Native American genealogy is a field of genealogy pertaining specifically to Native Americans in the United States. Native American ancestry can be traced through genealogical research, most importantly documentation of ancestors on Native American tribal rolls. Native American ancestry may also be noted on other forms of documentation from 1774 and on, such as federal censuses, residential school records, and military service records. Eligibility for citizenship in federally recognized tribes in the United States is often determined by having an ancestor who is listed as Indian by blood or as a Native American Freedman on a tribal roll, particularly in the case of tribes that go by lineal descent rather than by blood quantum. Documents related to Native American genealogy have been extensively archived and digitized, with many records available for public view through websites including the National Archives, the Oklahoma Historical Society, Ancestry.com, Fold3, and many others.

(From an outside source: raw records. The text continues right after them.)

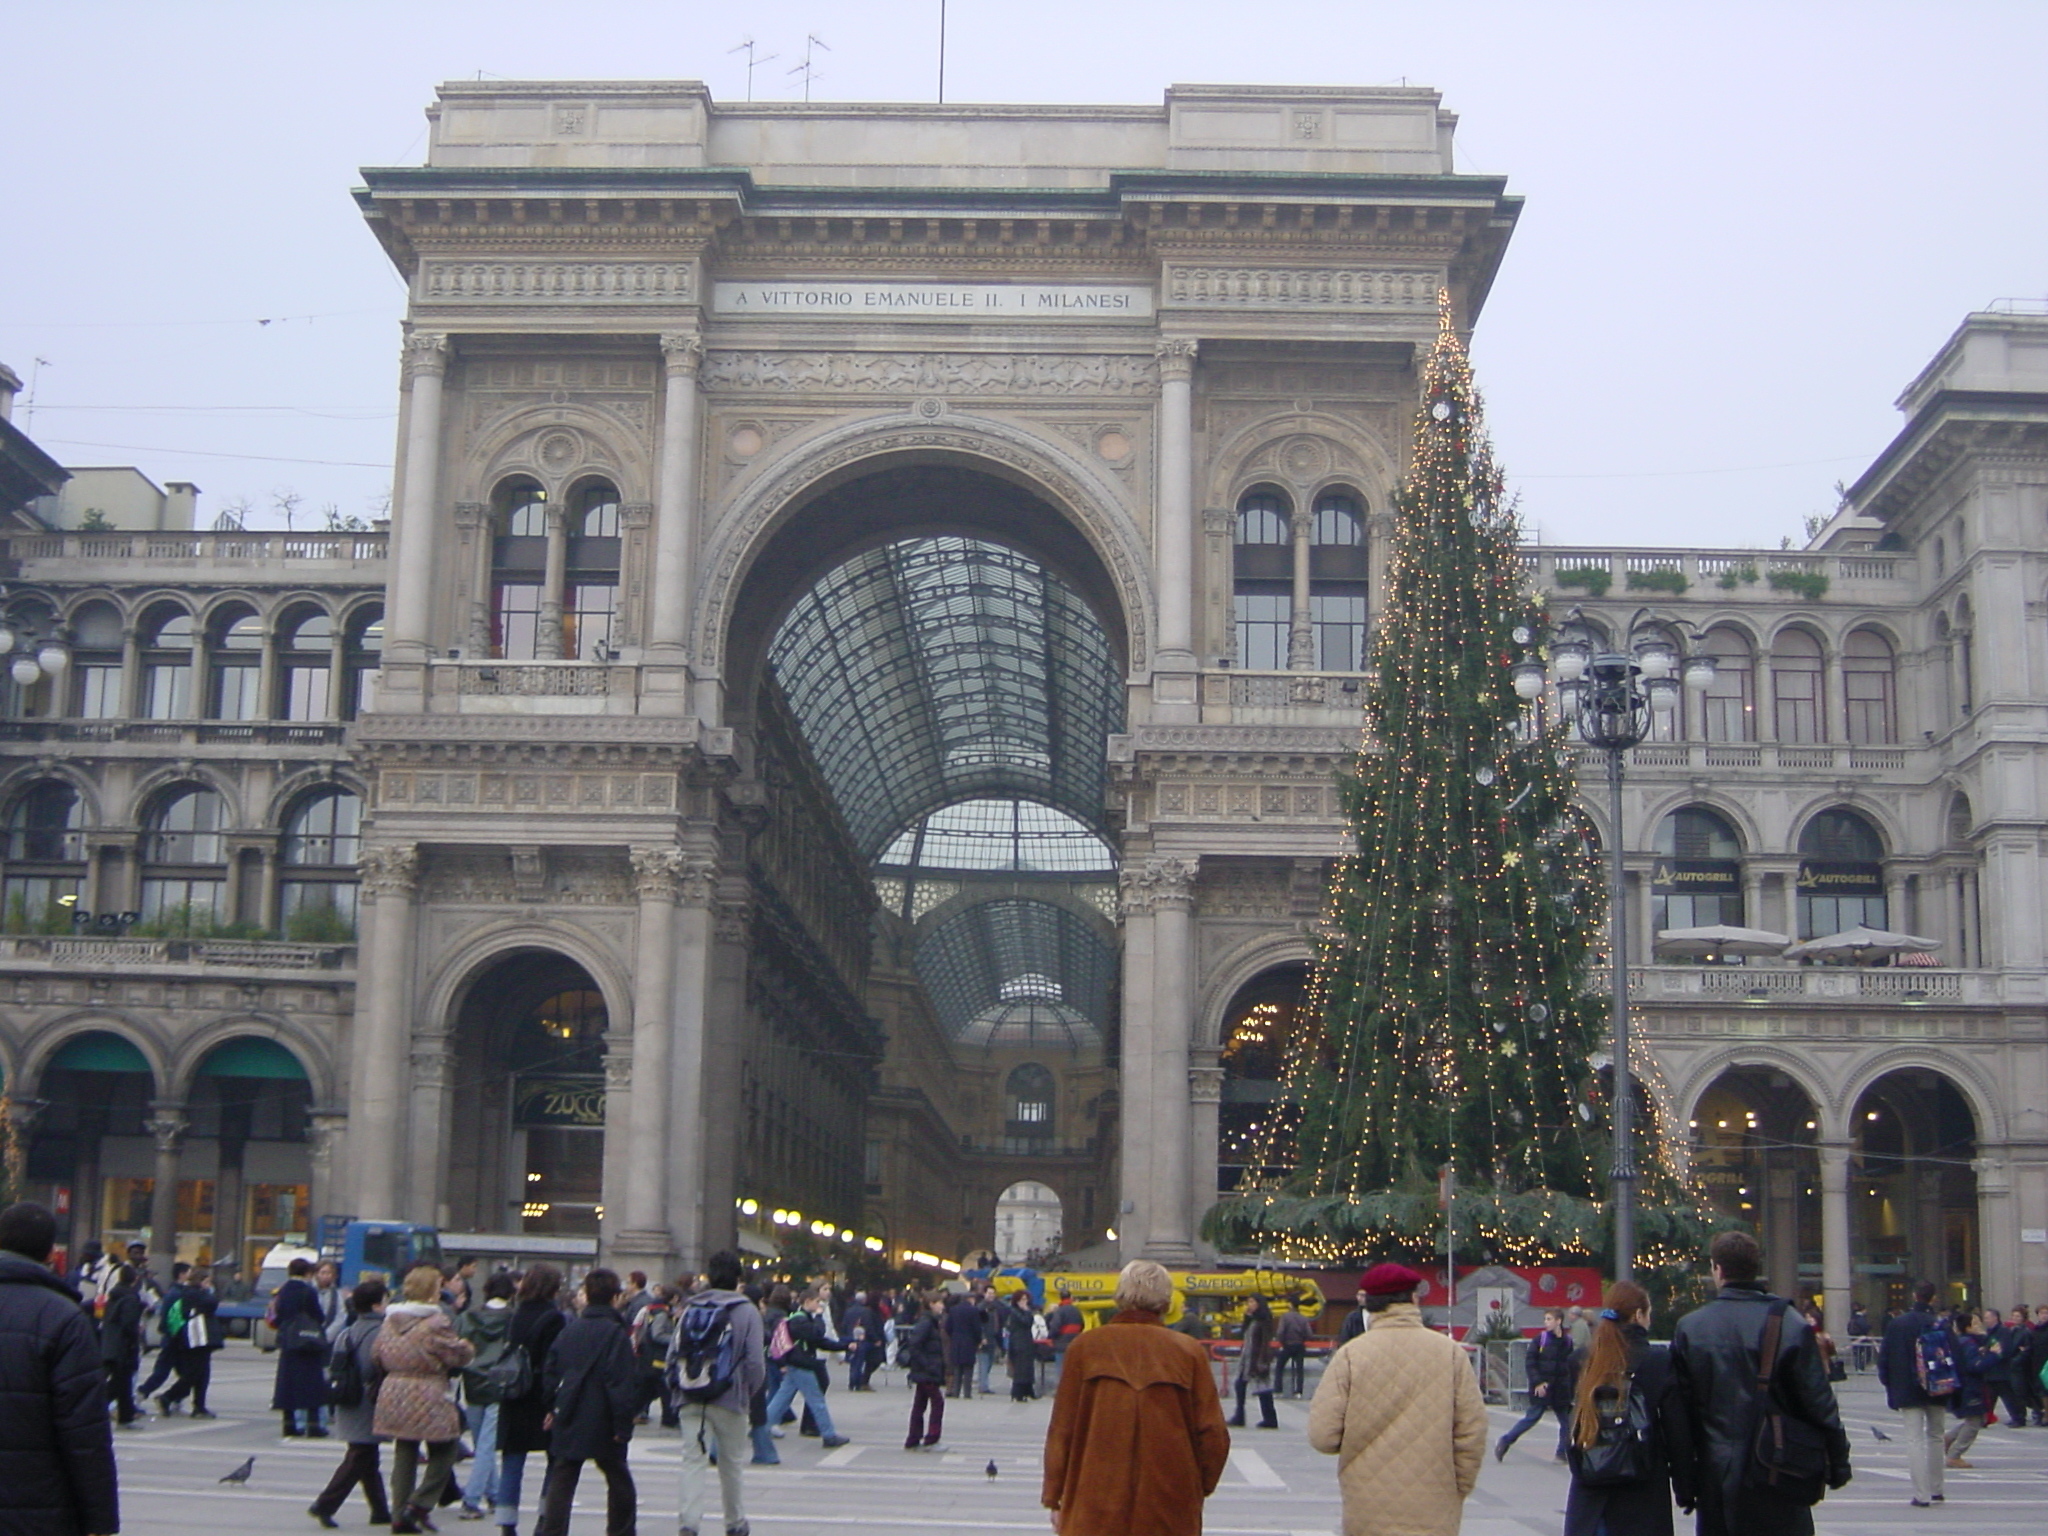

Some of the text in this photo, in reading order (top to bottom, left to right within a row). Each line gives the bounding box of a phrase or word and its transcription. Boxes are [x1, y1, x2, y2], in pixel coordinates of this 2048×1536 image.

[736, 291, 749, 305] A
[761, 291, 852, 306] VITTORIO
[864, 292, 974, 307] EMANUELE
[1037, 294, 1130, 309] MILANESI
[1675, 872, 1734, 881] AUTOGRILL
[1818, 874, 1877, 883] AUTOGRILL

Many Americans believe themselves to have Native American ancestry, but have no genealogical proof that any ancestors were Native Americans. The most commonly claimed Native American ancestry without documentation is Cherokee ancestry. While it is a common belief that Native American genealogy is poorly documented, Family Tree Magazine has stated that "massive collections...make Indians living with tribes the most extensively documented post-1885 US ancestors". The genealogist David Cornsilk has stated that "Cherokees are among the best documented people in the world" alongside "royalty and Mormons."

==About==
The National Indian Child Welfare Association (NICWA) has published guidelines for researching Native American genealogy. According to NICWA, the best ways to research Native American genealogy are to "Research and identify as many members of a family tree as possible", to "Search Indian-specific records to confirm relationship to tribe", and to "Seek assistance from the tribe to establish a relationship or enroll."

According to the Library of Congress, many families have lore about Native American ancestry, but that genealogy can be used to prove or disprove these family traditions.

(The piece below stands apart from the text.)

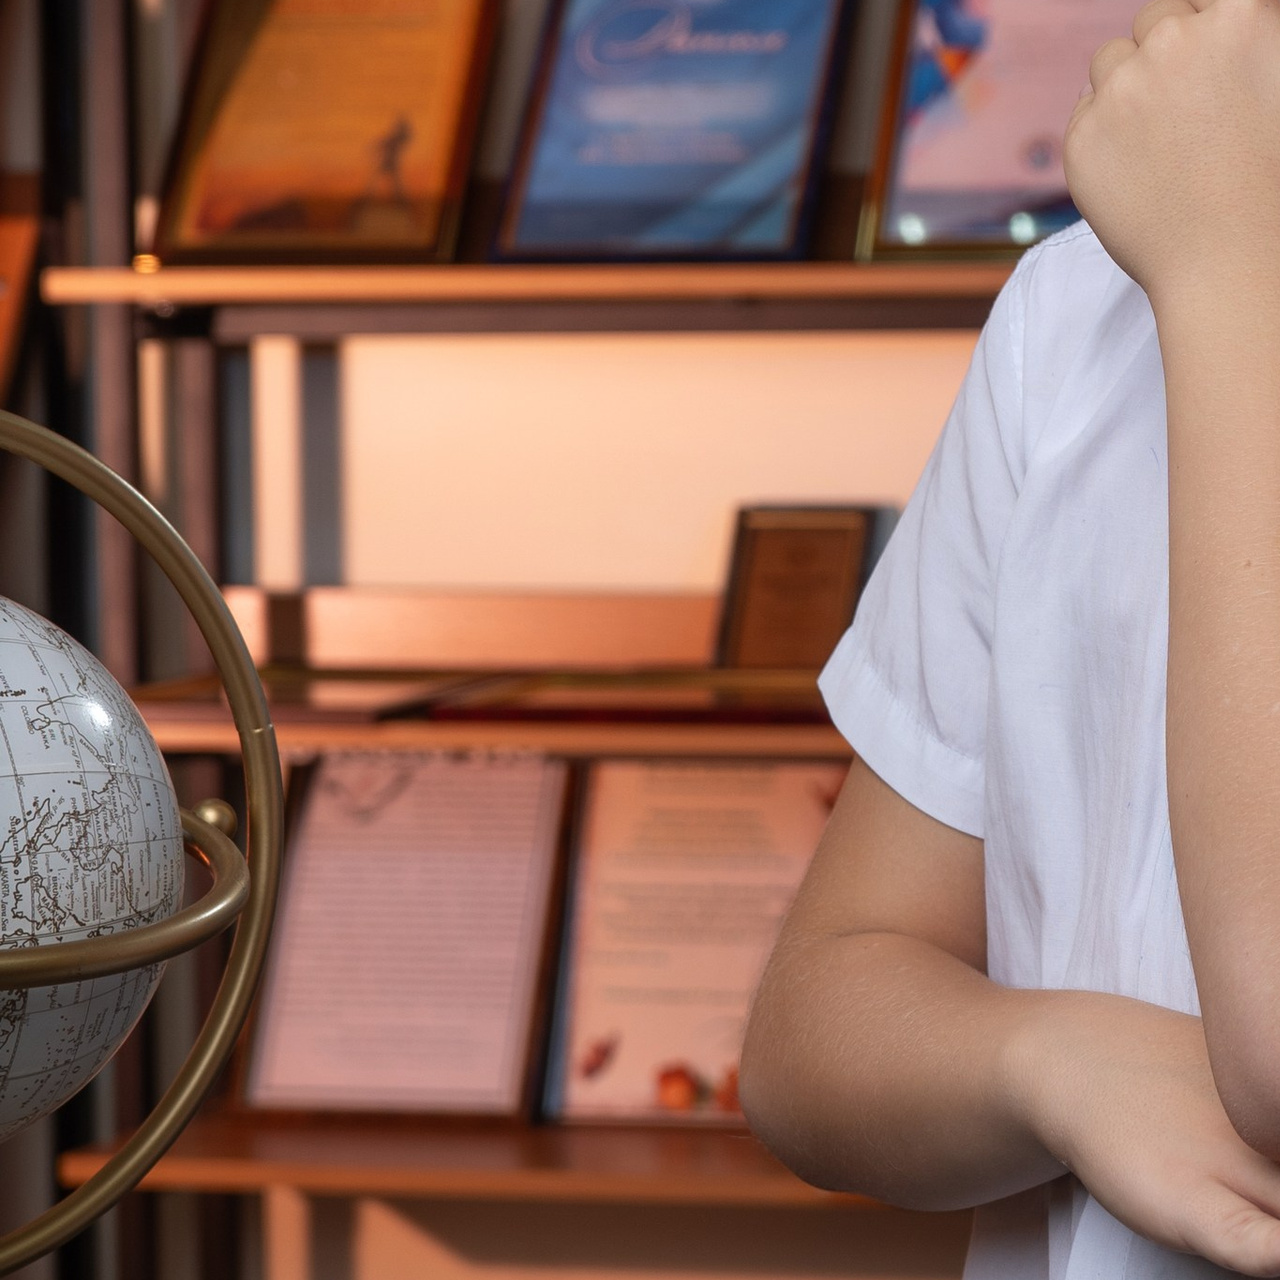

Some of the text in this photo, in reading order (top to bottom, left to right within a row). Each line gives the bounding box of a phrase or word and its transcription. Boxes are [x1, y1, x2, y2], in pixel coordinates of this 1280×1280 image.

[48, 728, 57, 741] SRI
[0, 899, 9, 917] Java
[0, 917, 10, 933] Sea

Not all Americans who have some Native American ancestry are citizens of tribes or eligible for tribal citizenship. Some non-enrolled descendants from federally recognized tribes may qualify for a Certificate of Degree of Indian Blood even if they are not eligible for citizenship in any tribe.

===Native American genealogical resources===
Vital records that may contain documentation of Native American genealogy may include tribal rolls, state and federal censuses, birth and death records, marriage records, military records including draft cards, church records, hospital records, school records, cemetery records, and other sources of documentation. Native Americans may find genealogical information about their ancestors from family Bibles, letters, photographs, deeds, wills, diaries, newspapers, library and university collections, and other public or personal items and papers.

====Native American tribal rolls====

Beginning in 1885, US agents and superintendents of American Indian reservations began to submit annual census rolls. Because of this, much of Native American genealogy following 1885 is better documented compared to Americans who are not Native.

The Dawes Rolls has been digitized in searchable form by the Oklahoma Historical Society. The Dawes Rolls list individuals who are Choctaw, Cherokee, Chickasaw, Seminole and Muscogee, including Freedmen, Delaware Indians, and Mississippi Choctaw.

The digitized Guion Miller Roll is available on Fold3, a website owned by Ancestry.com.

====Federal censuses====
Because American Indians were typically not citizens of the United States prior to the Indian Citizenship Act of 1924, American Indians were not included in census data between 1790 and 1840 and few are included prior to 1900. Individuals are rarely listed as American Indians on the 1850 United States census. The first Americans Indians living in the general population to be counted were listed on the 1860 United States census. Beginning with the 1900 census, both American Indians living on reservations and in the general population are counted.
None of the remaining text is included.